*** Block opens ***

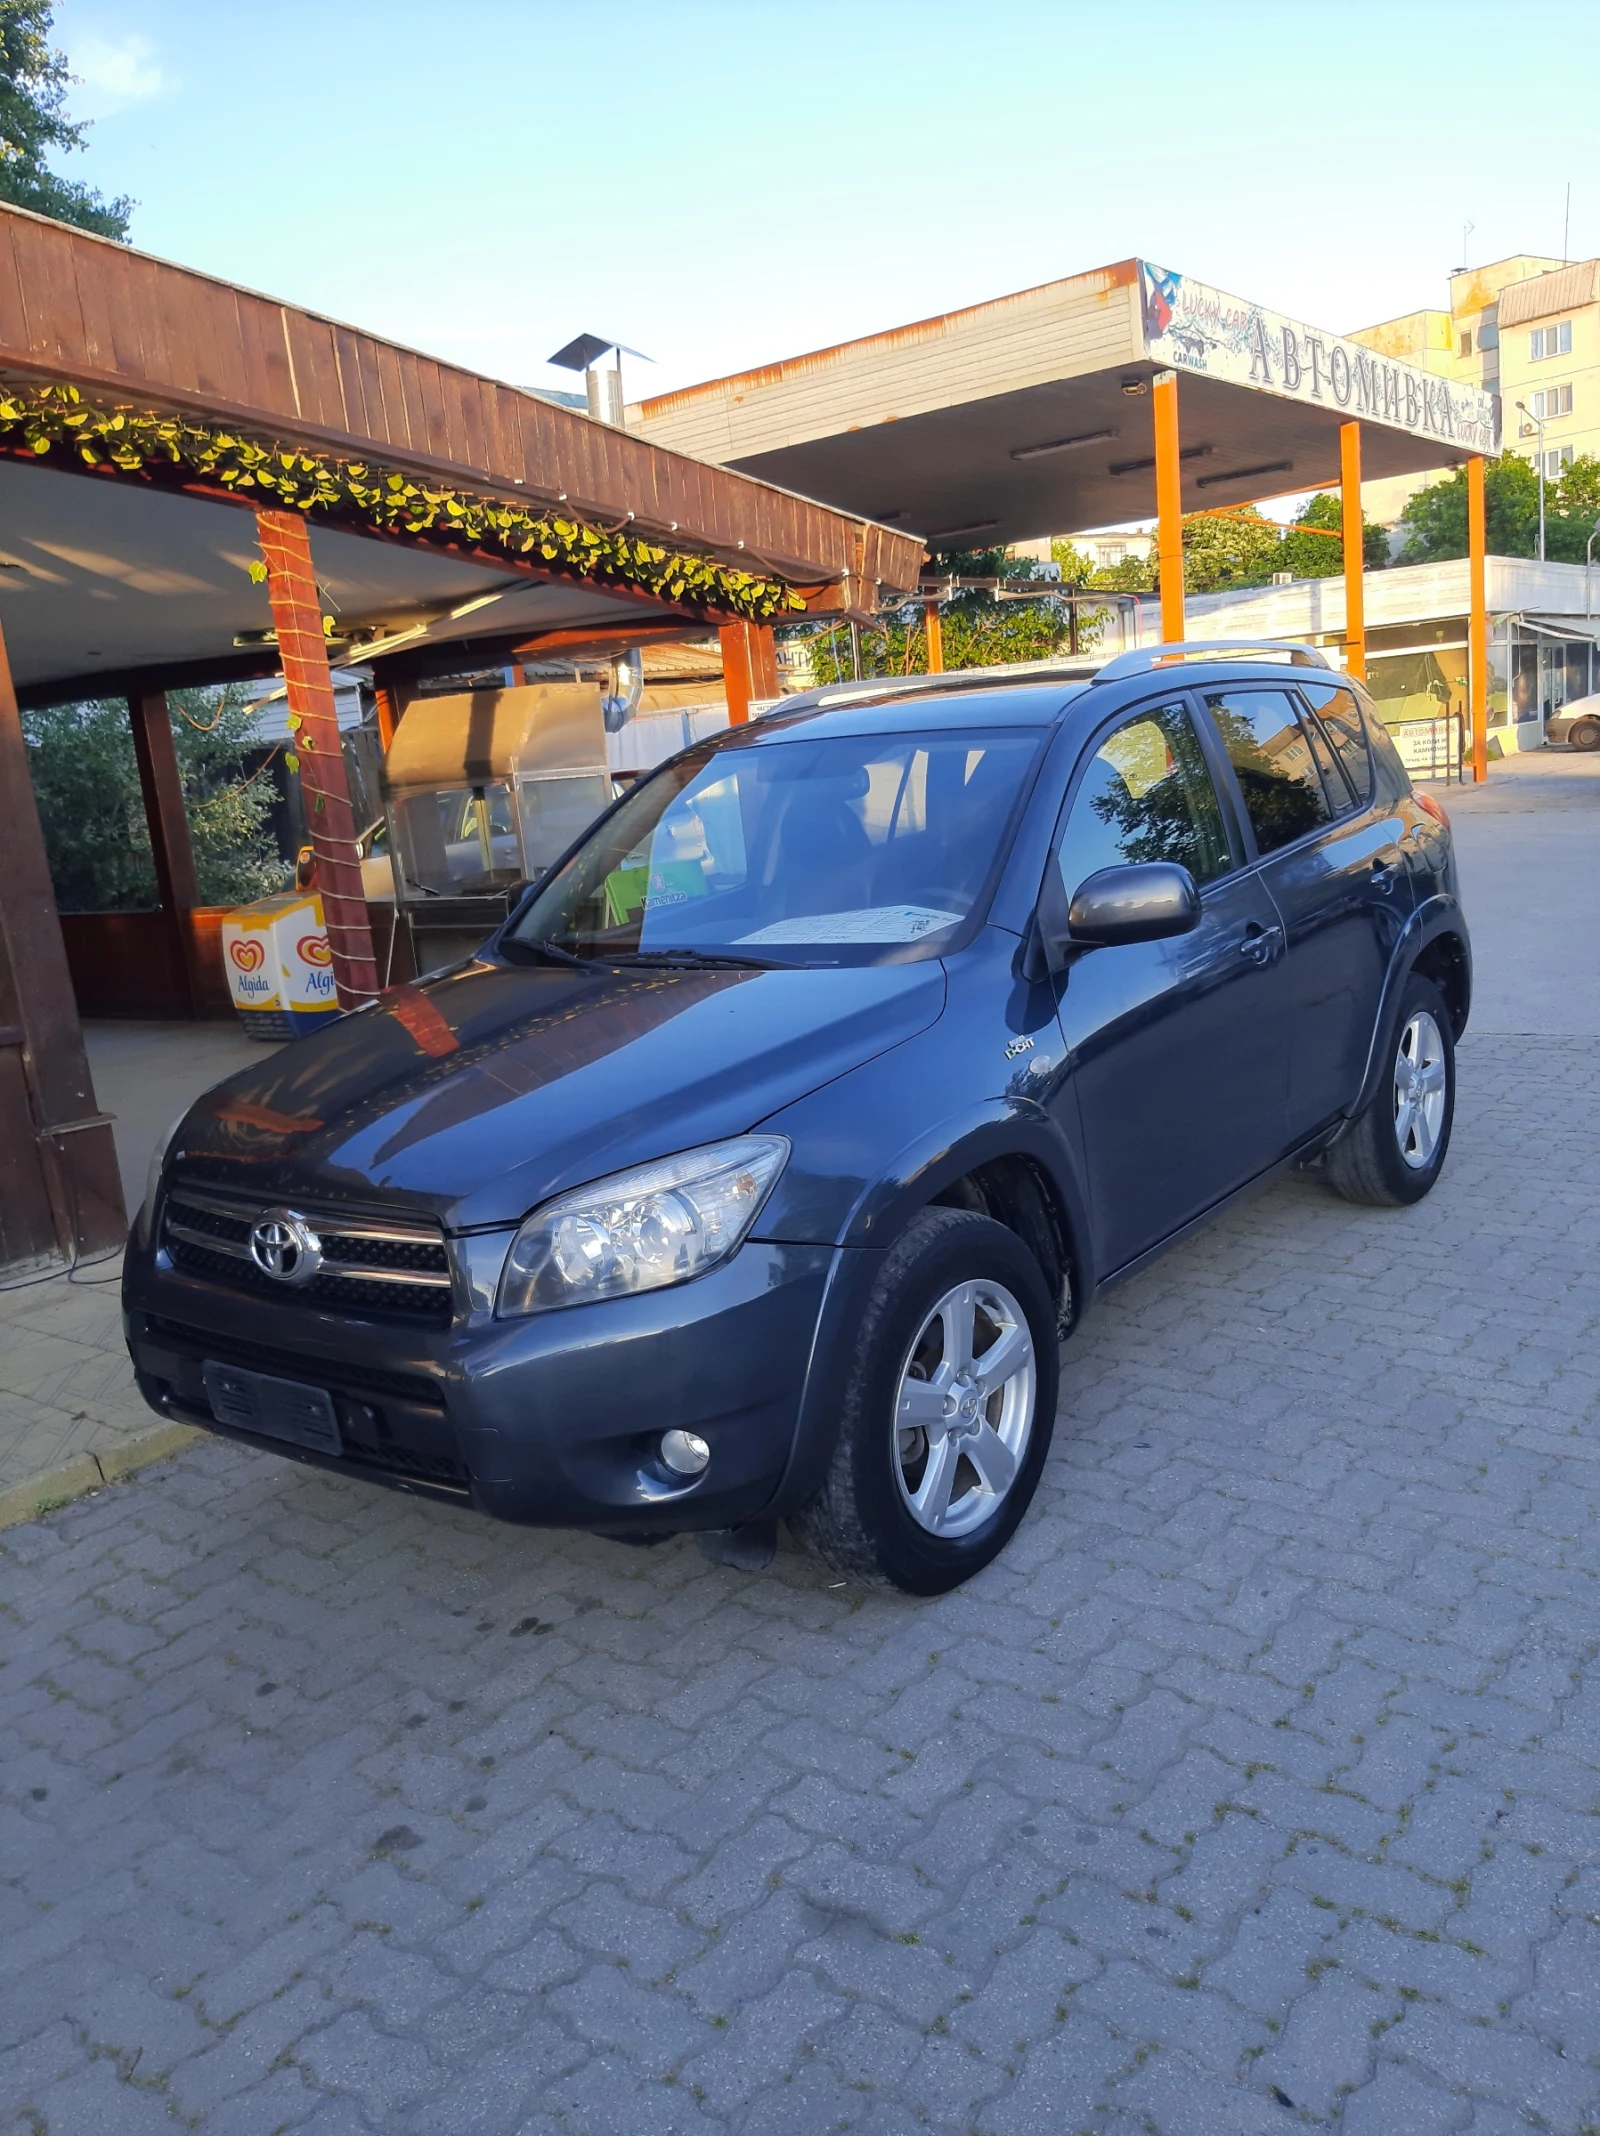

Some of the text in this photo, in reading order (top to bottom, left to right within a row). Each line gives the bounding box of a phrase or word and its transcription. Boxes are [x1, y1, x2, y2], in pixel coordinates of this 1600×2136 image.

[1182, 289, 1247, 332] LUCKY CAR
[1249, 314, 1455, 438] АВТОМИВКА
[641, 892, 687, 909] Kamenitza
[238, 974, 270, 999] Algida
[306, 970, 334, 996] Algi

*** Block closes ***

● INSTRUCTIONS TO FOLLOW: Everything in the material except the pictures should be restated word for word.

● ANSWER TO THE EXERCISE:
Some of the text in this photo, in reading order (top to bottom, left to right within a row). Each line gives the bounding box of a phrase or word and its transcription. Boxes are [x1, y1, x2, y2], in pixel coordinates of this 1600×2136 image.

[1182, 289, 1247, 332] LUCKY CAR
[1249, 314, 1455, 438] АВТОМИВКА
[641, 892, 687, 909] Kamenitza
[238, 974, 270, 999] Algida
[306, 970, 334, 996] Algi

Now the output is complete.